■ **Work order**: Your answer must be an exact copy of the listing that follows, with all pictures omitted.
▽
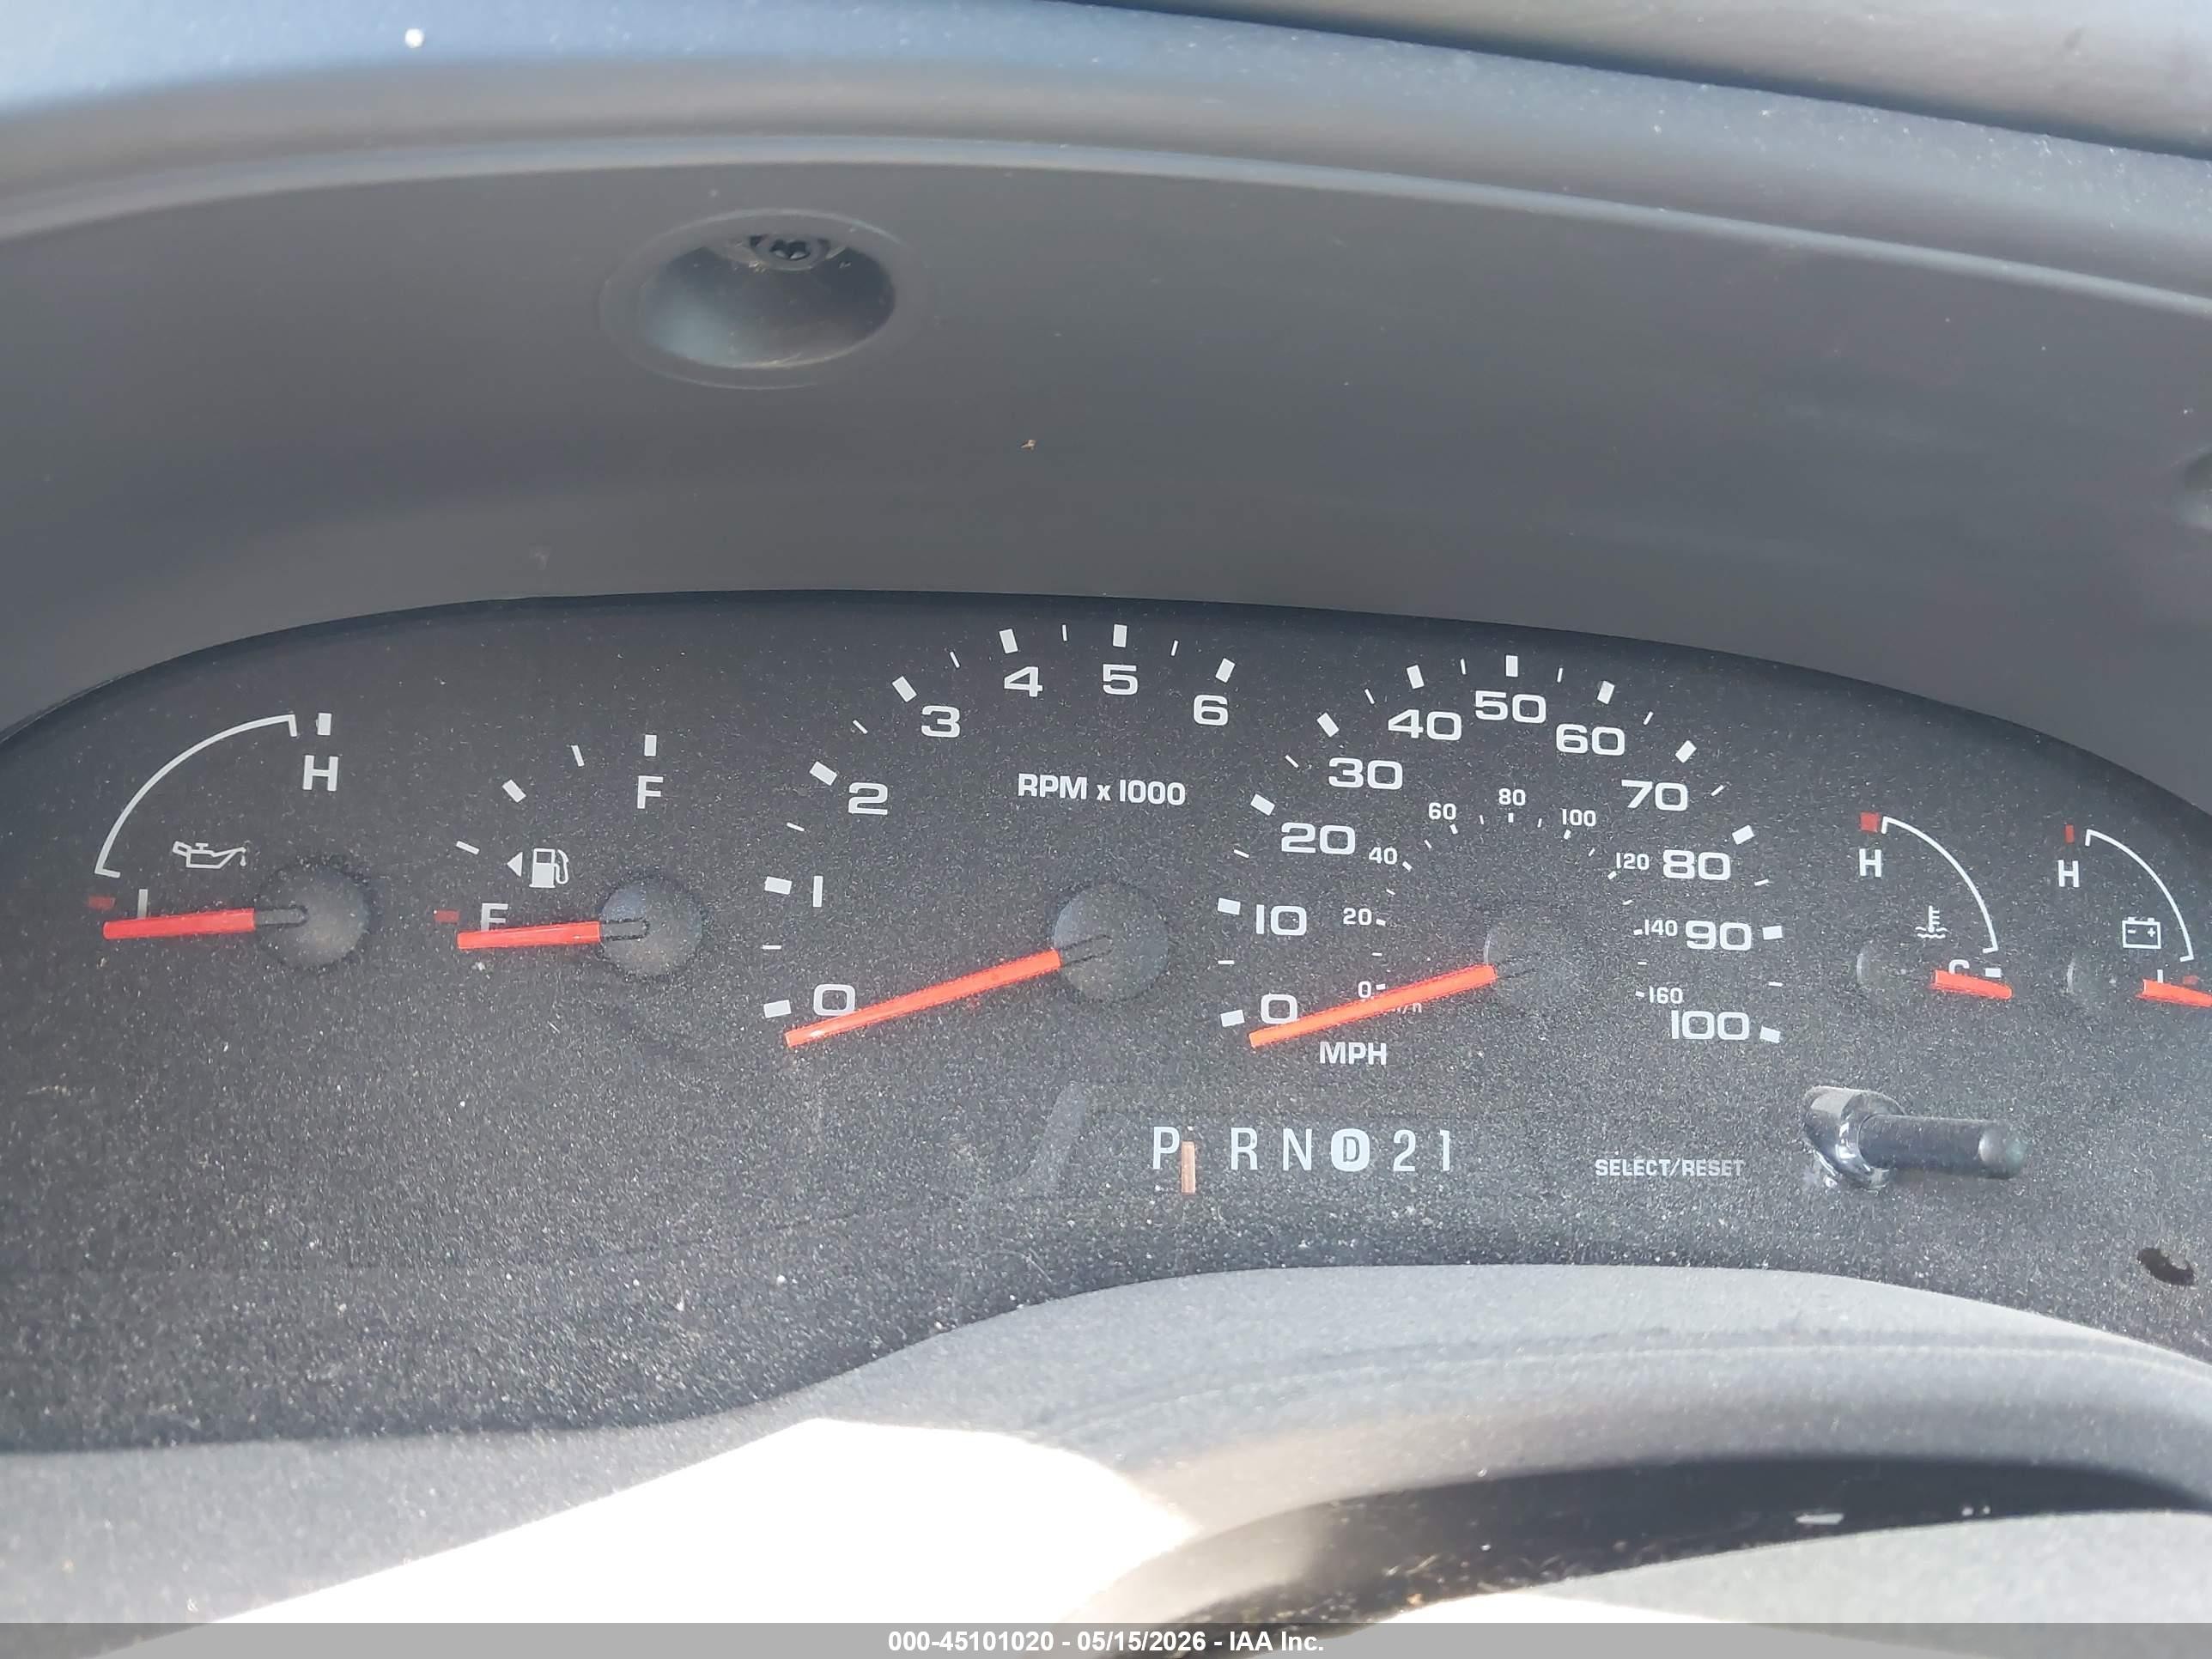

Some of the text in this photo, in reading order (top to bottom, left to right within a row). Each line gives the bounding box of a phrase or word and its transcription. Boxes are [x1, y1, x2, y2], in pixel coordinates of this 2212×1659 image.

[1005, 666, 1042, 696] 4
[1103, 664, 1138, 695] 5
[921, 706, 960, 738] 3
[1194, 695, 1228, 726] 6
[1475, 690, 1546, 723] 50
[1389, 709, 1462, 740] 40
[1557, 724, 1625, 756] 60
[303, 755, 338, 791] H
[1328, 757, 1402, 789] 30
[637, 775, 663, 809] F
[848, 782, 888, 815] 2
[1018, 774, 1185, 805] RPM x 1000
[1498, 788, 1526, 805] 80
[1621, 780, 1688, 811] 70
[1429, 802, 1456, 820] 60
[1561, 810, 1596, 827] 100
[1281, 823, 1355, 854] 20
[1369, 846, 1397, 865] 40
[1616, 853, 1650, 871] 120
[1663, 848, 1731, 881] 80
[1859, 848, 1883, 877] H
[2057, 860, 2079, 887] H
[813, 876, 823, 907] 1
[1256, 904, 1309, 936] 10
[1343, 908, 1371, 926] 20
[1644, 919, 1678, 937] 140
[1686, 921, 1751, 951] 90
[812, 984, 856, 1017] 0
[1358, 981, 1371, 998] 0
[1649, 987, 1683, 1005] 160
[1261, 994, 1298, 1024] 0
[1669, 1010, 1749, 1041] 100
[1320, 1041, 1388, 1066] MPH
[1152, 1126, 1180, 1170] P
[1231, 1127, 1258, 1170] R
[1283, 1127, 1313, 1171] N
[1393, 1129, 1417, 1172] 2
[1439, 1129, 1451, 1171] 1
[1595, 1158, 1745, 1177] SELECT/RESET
△
■ **Answer**:
Some of the text in this photo, in reading order (top to bottom, left to right within a row). Each line gives the bounding box of a phrase or word and its transcription. Boxes are [x1, y1, x2, y2], in pixel coordinates of this 2212×1659 image.

[1005, 666, 1042, 696] 4
[1103, 664, 1138, 695] 5
[921, 706, 960, 738] 3
[1194, 695, 1228, 726] 6
[1475, 690, 1546, 723] 50
[1389, 709, 1462, 740] 40
[1557, 724, 1625, 756] 60
[303, 755, 338, 791] H
[1328, 757, 1402, 789] 30
[637, 775, 663, 809] F
[848, 782, 888, 815] 2
[1018, 774, 1185, 805] RPM x 1000
[1498, 788, 1526, 805] 80
[1621, 780, 1688, 811] 70
[1429, 802, 1456, 820] 60
[1561, 810, 1596, 827] 100
[1281, 823, 1355, 854] 20
[1369, 846, 1397, 865] 40
[1616, 853, 1650, 871] 120
[1663, 848, 1731, 881] 80
[1859, 848, 1883, 877] H
[2057, 860, 2079, 887] H
[813, 876, 823, 907] 1
[1256, 904, 1309, 936] 10
[1343, 908, 1371, 926] 20
[1644, 919, 1678, 937] 140
[1686, 921, 1751, 951] 90
[812, 984, 856, 1017] 0
[1358, 981, 1371, 998] 0
[1649, 987, 1683, 1005] 160
[1261, 994, 1298, 1024] 0
[1669, 1010, 1749, 1041] 100
[1320, 1041, 1388, 1066] MPH
[1152, 1126, 1180, 1170] P
[1231, 1127, 1258, 1170] R
[1283, 1127, 1313, 1171] N
[1393, 1129, 1417, 1172] 2
[1439, 1129, 1451, 1171] 1
[1595, 1158, 1745, 1177] SELECT/RESET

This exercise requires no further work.